And then of course we have the question of respect for others. What is your attitude to the social niceties? Things like manners and etiquette? Are you somebody who respects other people’s opinions when you’re commenting on maybe a Facebook post or something? Or are you someone who says, I just say, tell it like it is, how much should we bend to not offending others? And how much should we prioritise singing our own song and saying clearly what our attitude is.
I was talking to Bindi about this earlier. And she was thinking of something that causes her to feel a lack of respect is when she goes to a shop and there’s a sign outside and it says, “No mask, no service.” And when you think about it, there’s so many different ways that that could be phrased. And there are valid reasons, exceptions for wearing a mask. There are people who have quite legitimate reasons for not wearing a mask, but to see a sign that says no mask, no service is kind of disrespectful to those people. And does, do you notice that? Does it apply to you? They could say, please, they could say it with a smile. They could say, we would love you to wear a mask. We would love you to help us keep everybody, you know, distanced and all the rest of it.

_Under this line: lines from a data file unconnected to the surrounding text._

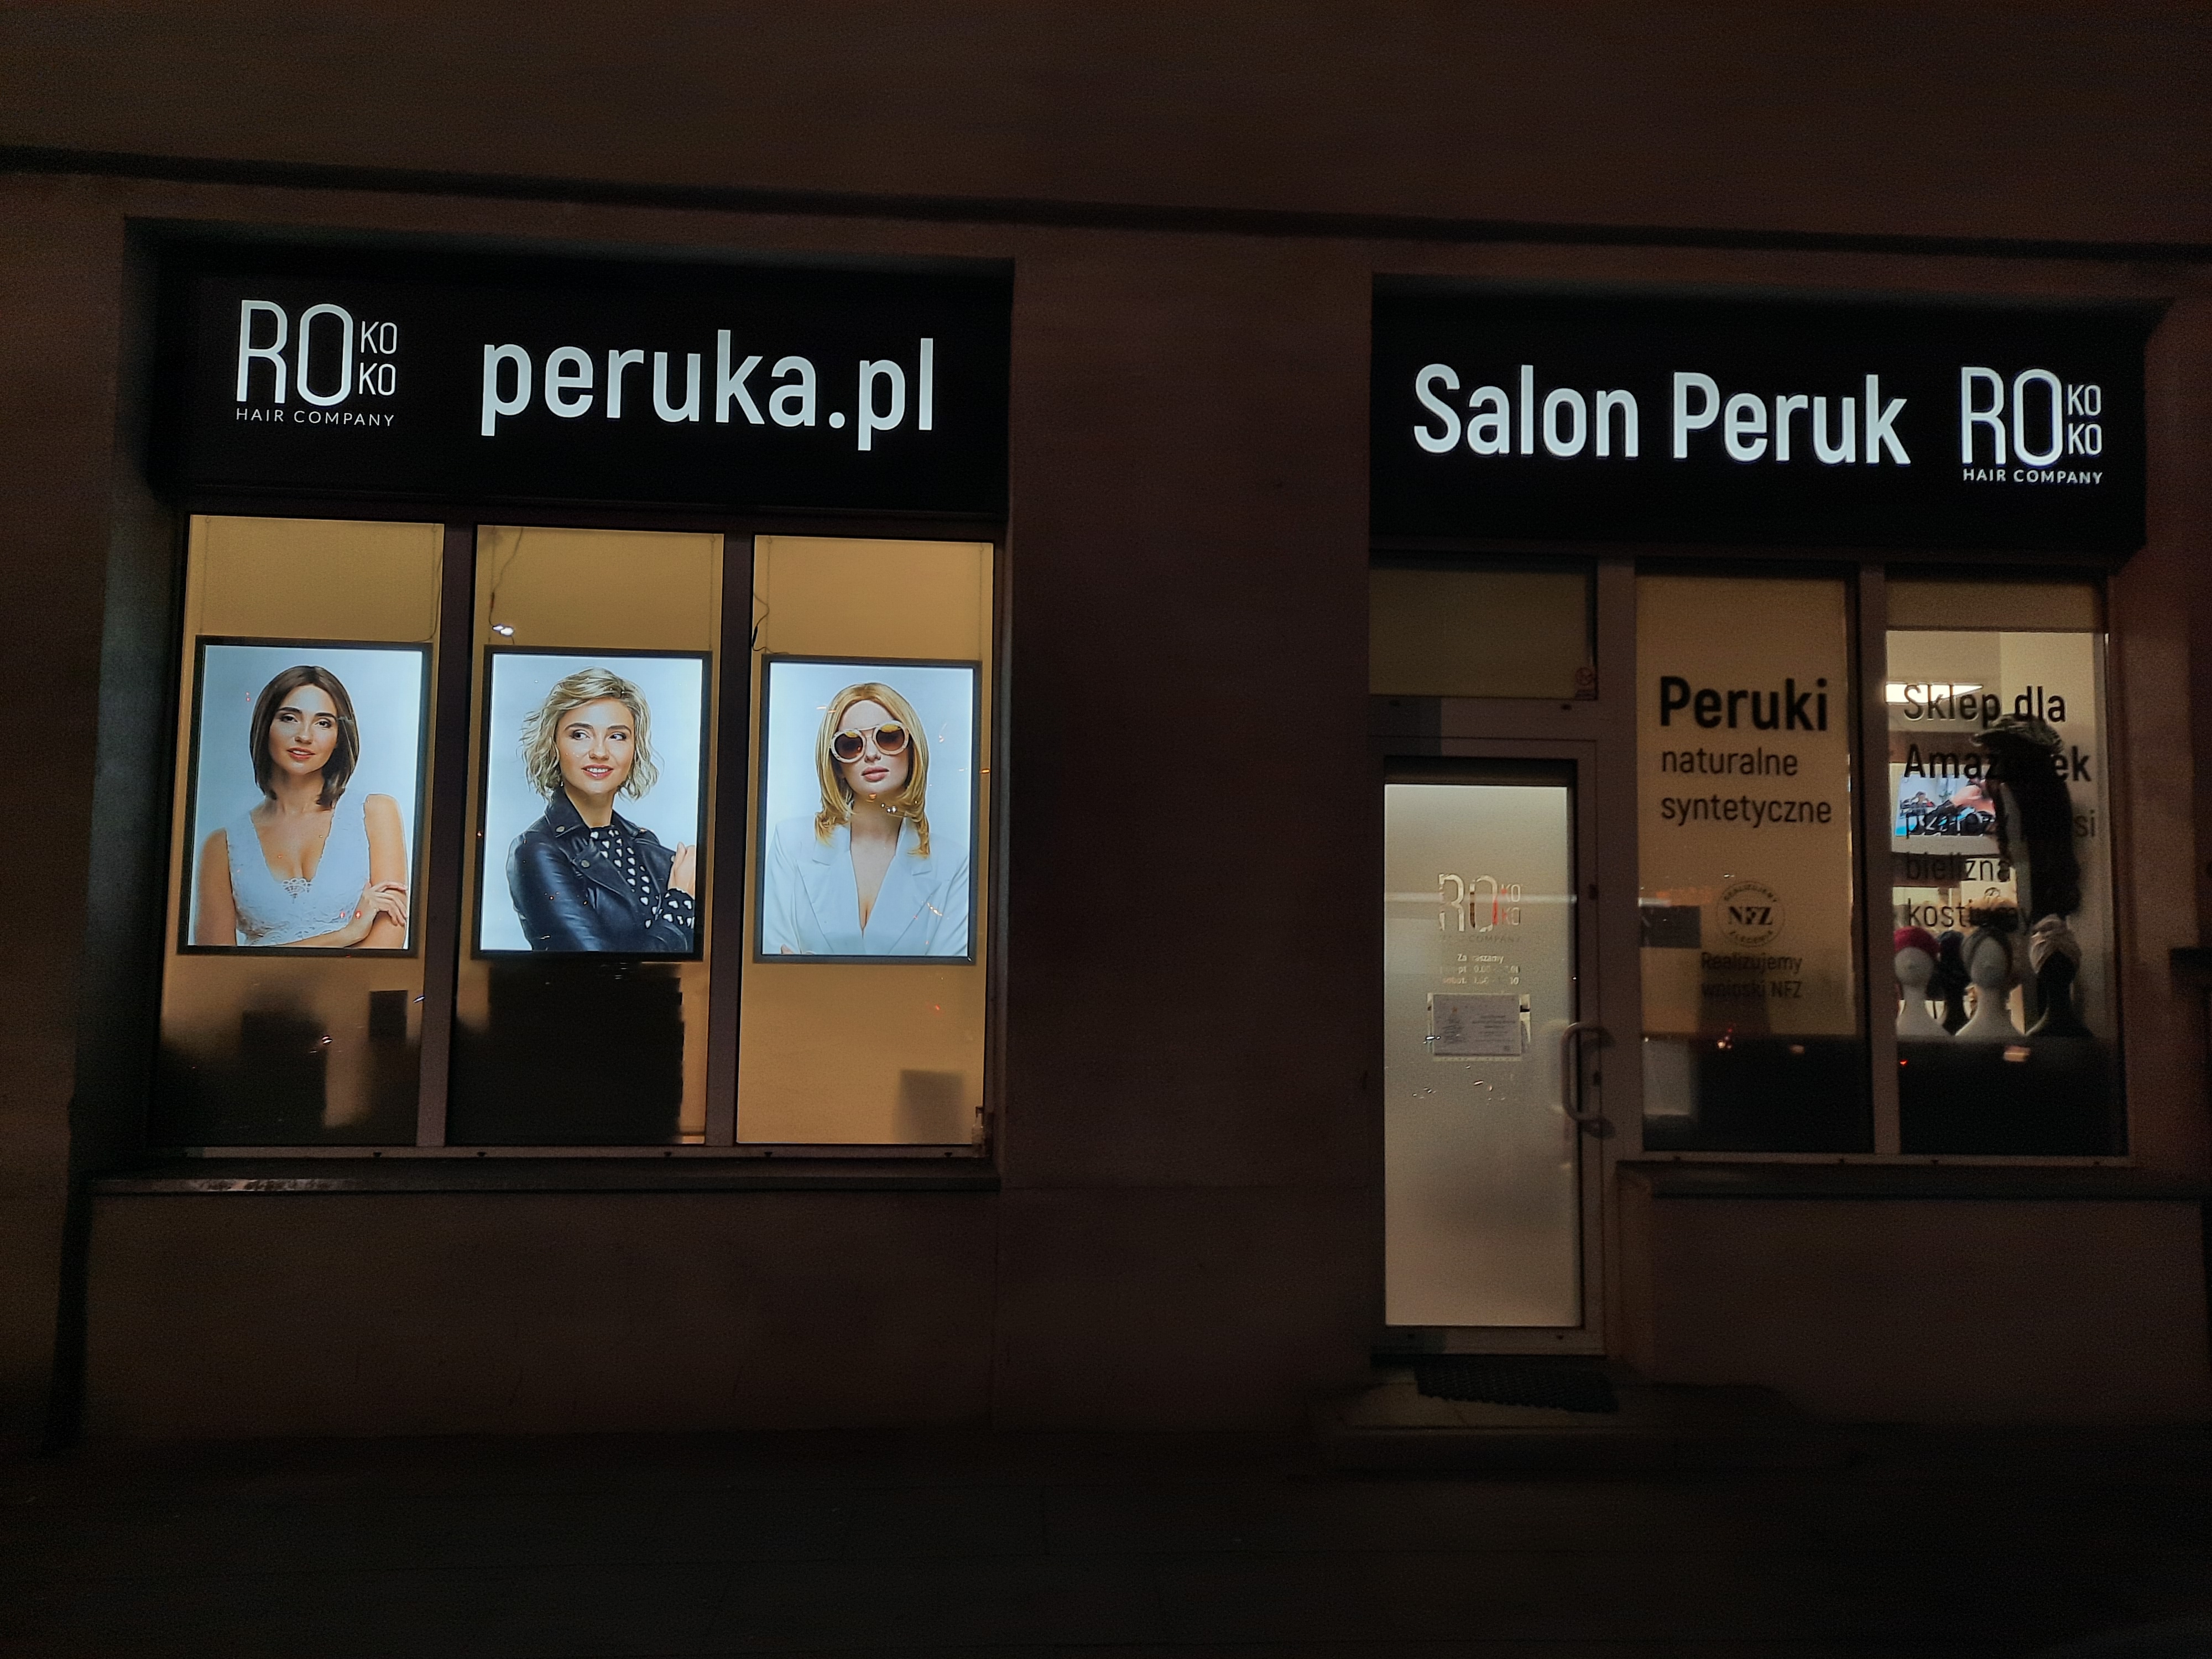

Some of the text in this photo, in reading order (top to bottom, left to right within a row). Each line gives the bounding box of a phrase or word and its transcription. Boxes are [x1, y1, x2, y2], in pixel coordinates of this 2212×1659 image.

[481, 329, 933, 451] peruka.pl
[236, 408, 394, 426] HAIR COMPANY
[1413, 363, 1911, 465] Salon Peruk
[1963, 468, 2103, 484] HAIR COMPANY
[1661, 676, 1827, 731] Peruki
[1904, 684, 2065, 727] Sklep dla
[1662, 748, 1797, 775] naturalne
[1904, 744, 2091, 781] Amazek
[1661, 795, 1831, 828] syntetyczne
[1728, 906, 1773, 925] NFZ
[1702, 951, 1803, 974] Realizujemy
[1770, 980, 1803, 998] NFZ

And I think it’s interesting that there is such a thing as pretend respect, and you hear people saying “I’m not being funny, but…” and you know that when anyone starts with that phrase, something pretty caustic is going to come out next. And that idea that, “Oh, well, I’m just me. I just tell it like it is”, kind of shows a tendency towards a lack of understanding that there is an interplay to build rapport with people. There is a little song and dance that we do that involves small talk and talking about the weather and just a bit mind your P’s and Q’s, you know, saying please, and thank you and that kind of stuff. And the, the whole question of respect brings these issues into light, I think.

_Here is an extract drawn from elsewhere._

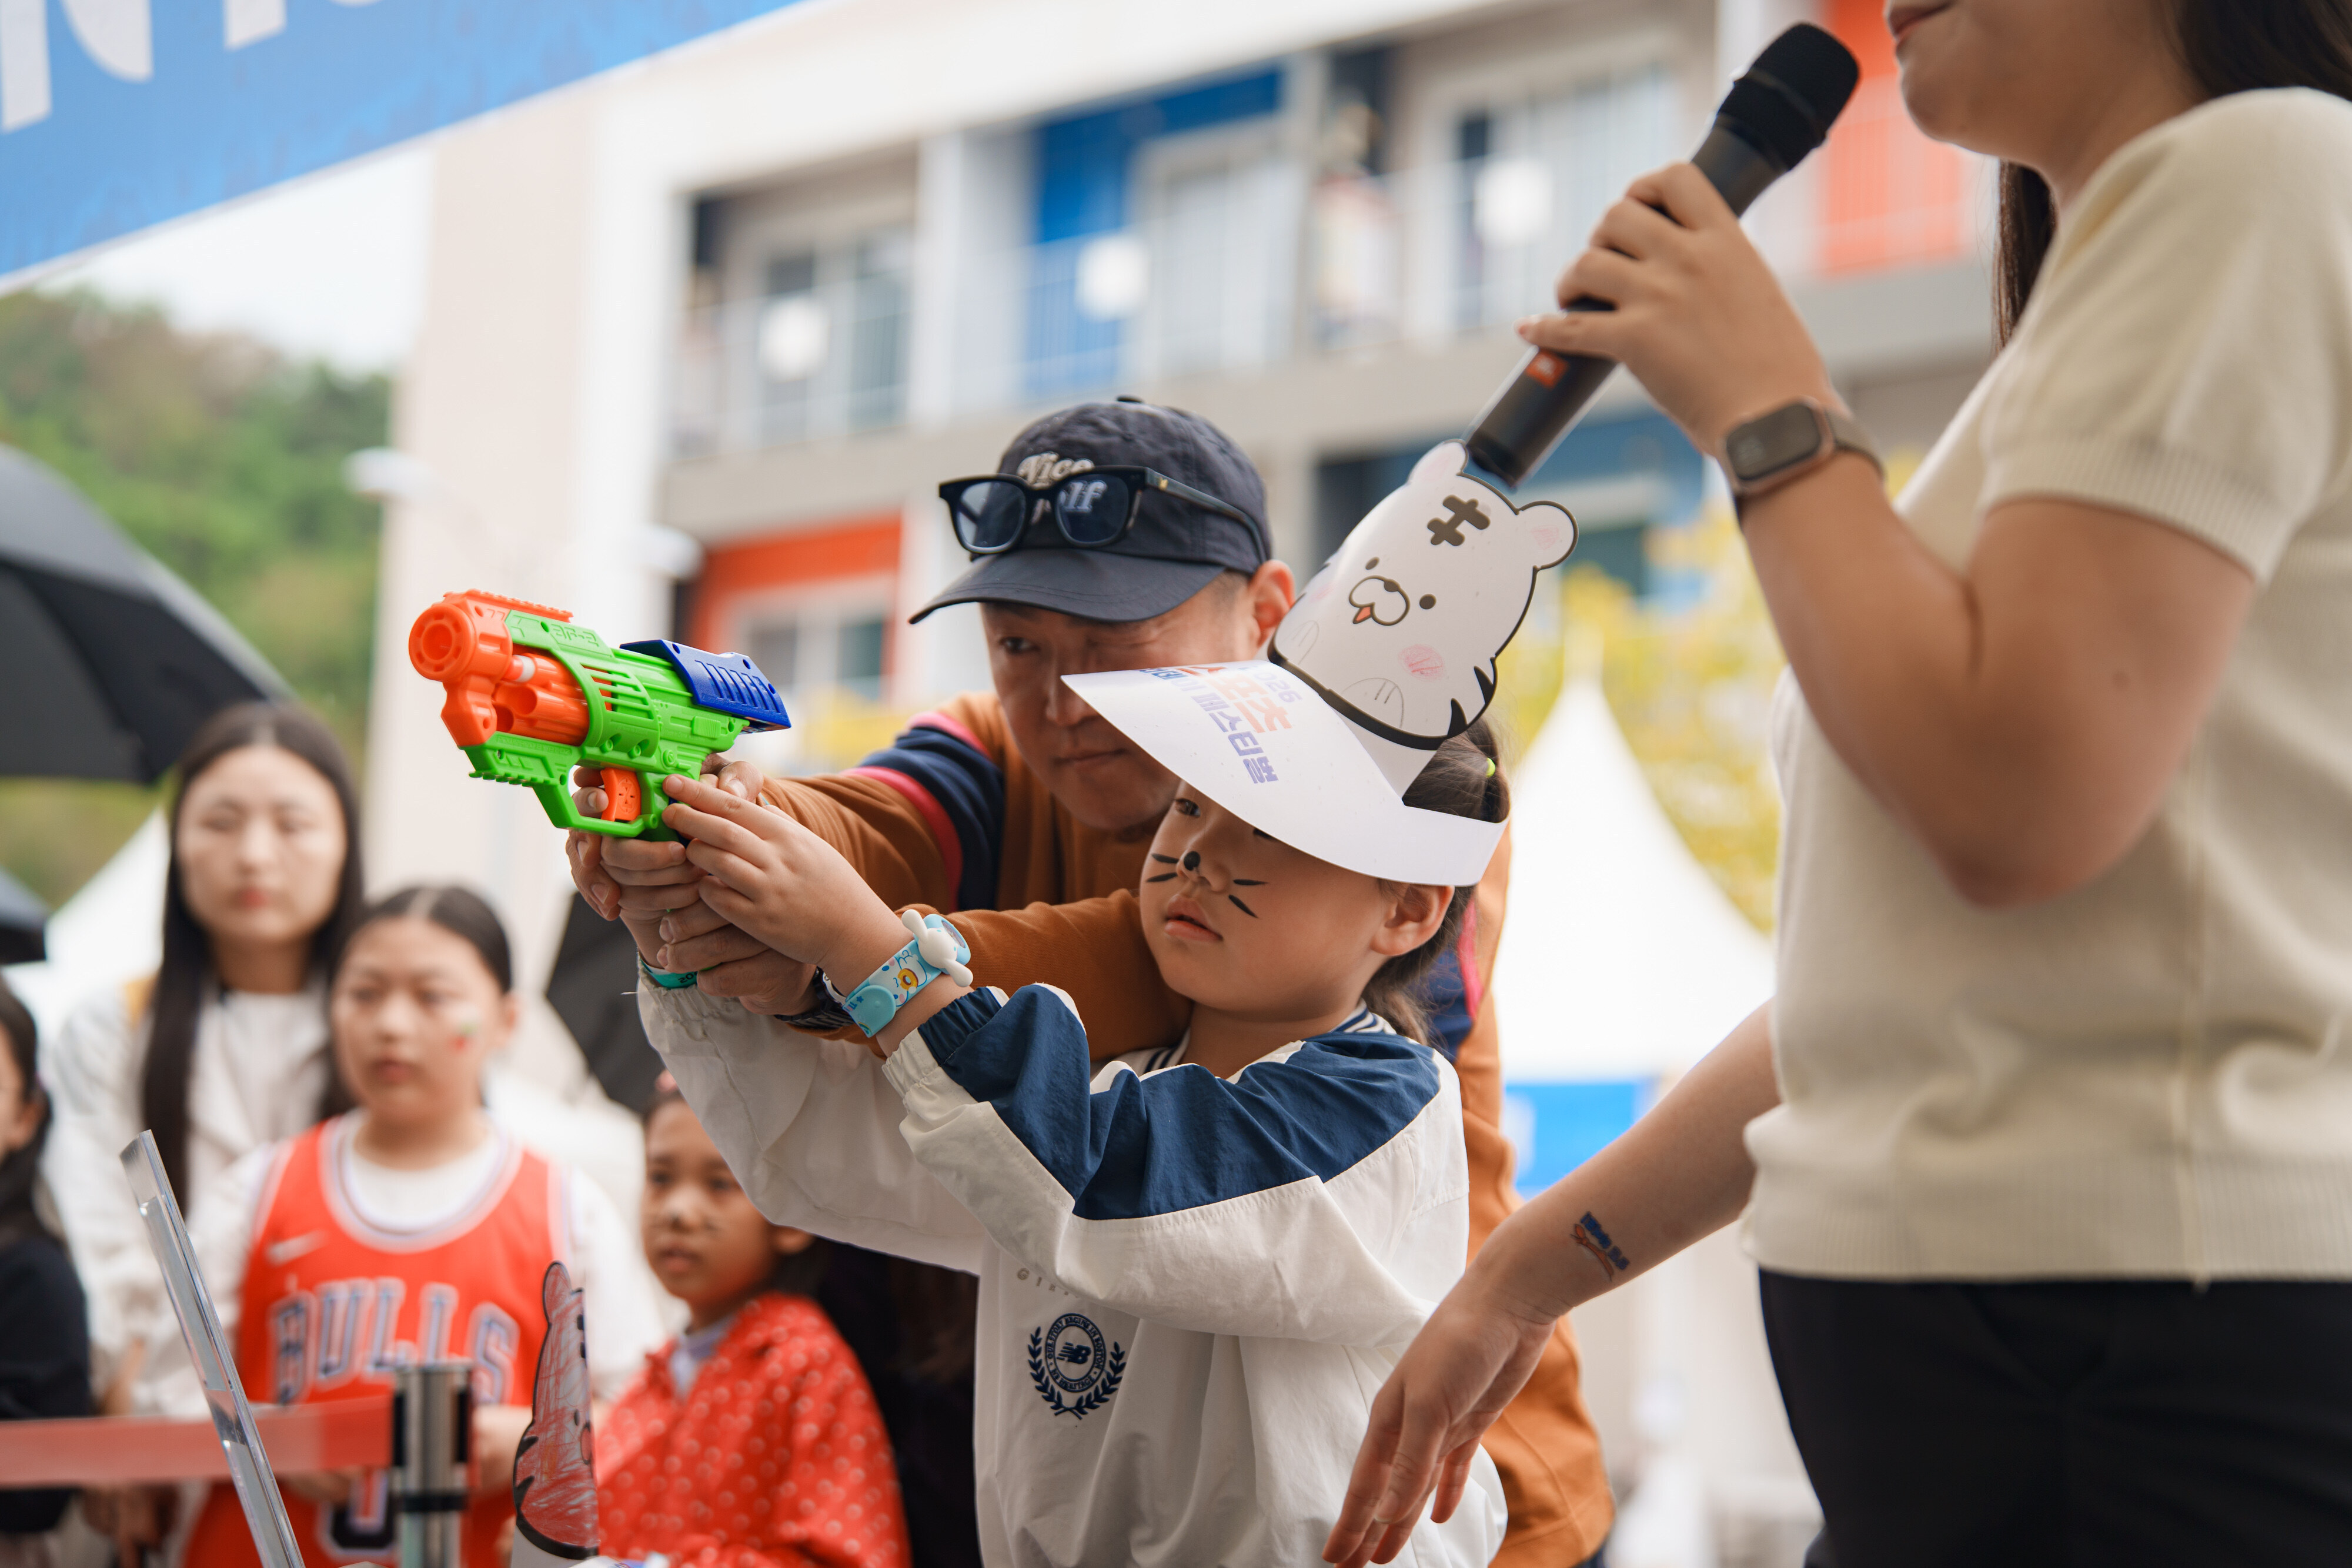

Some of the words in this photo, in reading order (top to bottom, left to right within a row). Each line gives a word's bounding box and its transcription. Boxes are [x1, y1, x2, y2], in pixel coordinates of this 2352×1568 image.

[1190, 692, 1279, 784] 페스티벌
[268, 1276, 521, 1406] BULLS
[1095, 1338, 1103, 1369] BOSTON
[1060, 1375, 1095, 1389] HERITAGE

So that’s all I’m going to say about respect for today. I’m keeping it a little bit short because the story I want to share with you, I, I looked around for different versions of this story. It’s a story that you will probably know because it’s quite a famous story, but I decided that having looked at several to go to the source and I’m gonna read this story. And it’s quite a long one. It’s probably the longest one I’ve shared, but it’s totally relevant to this whole question of respect, but it’s from Fairy Tales by Hans Christian Andersen.
So are you sitting comfortably? Then I’ll begin. This is the story of The Ugly Duckling.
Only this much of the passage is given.